Instructions for the task
Below is a set of records. Repeat them verbatim without the pictures.

+ + + +

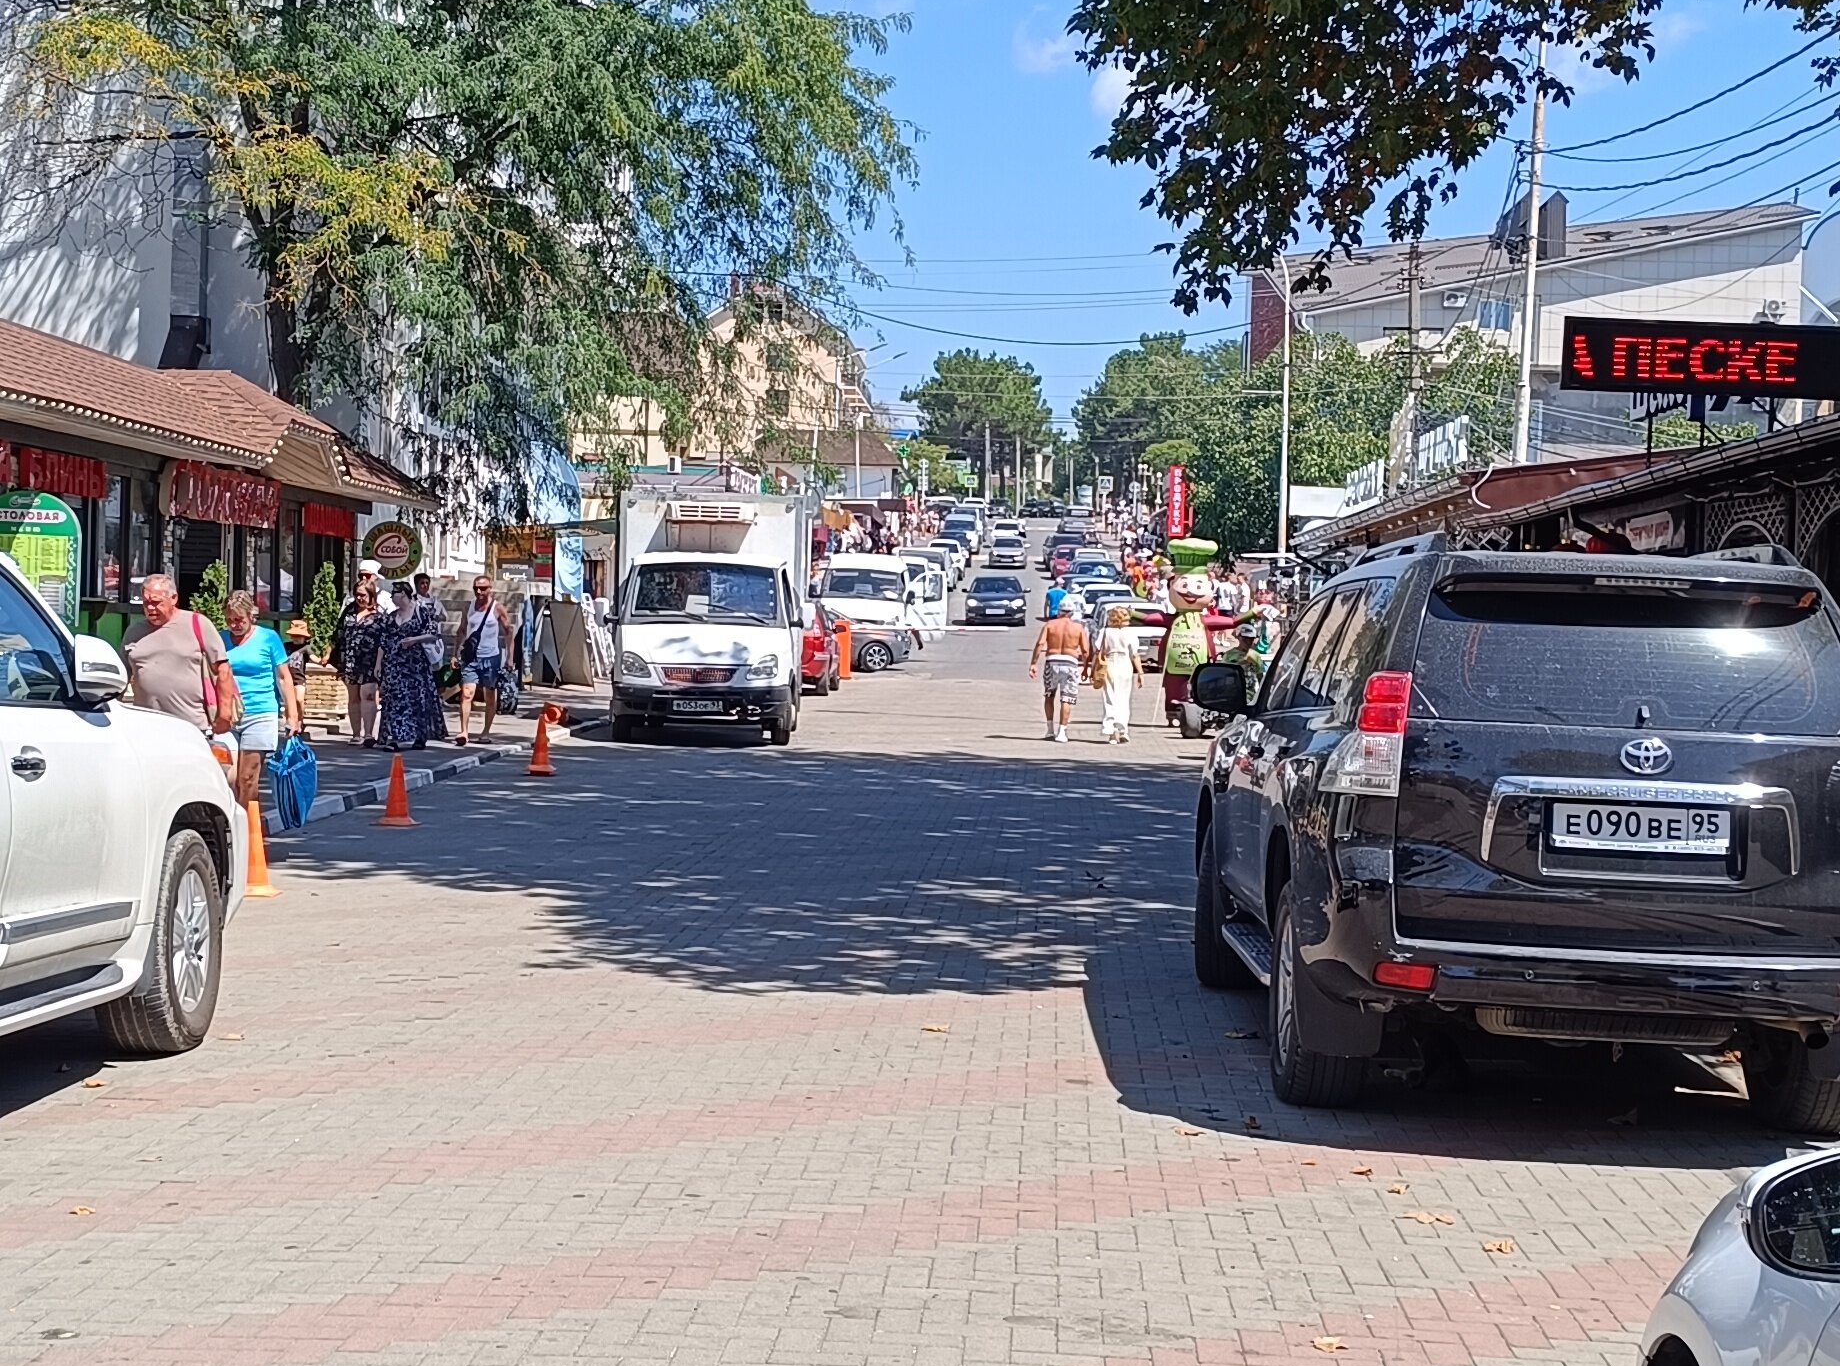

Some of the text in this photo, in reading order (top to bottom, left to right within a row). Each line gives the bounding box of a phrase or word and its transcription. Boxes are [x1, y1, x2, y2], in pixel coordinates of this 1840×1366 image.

[1612, 337, 1797, 382] ПЕСКЕ
[30, 451, 107, 499] БЛИНЫ
[1171, 468, 1183, 533] ПРОДУКТЫ
[1557, 783, 1601, 796] LAND
[1607, 785, 1678, 800] CRUISER
[1692, 813, 1720, 834] 95
[1695, 835, 1717, 844] RUS

+ + + +

Exercise response
Some of the text in this photo, in reading order (top to bottom, left to right within a row). Each line gives the bounding box of a phrase or word and its transcription. Boxes are [x1, y1, x2, y2], in pixel coordinates of this 1840×1366 image.

[1612, 337, 1797, 382] ПЕСКЕ
[30, 451, 107, 499] БЛИНЫ
[1171, 468, 1183, 533] ПРОДУКТЫ
[1557, 783, 1601, 796] LAND
[1607, 785, 1678, 800] CRUISER
[1692, 813, 1720, 834] 95
[1695, 835, 1717, 844] RUS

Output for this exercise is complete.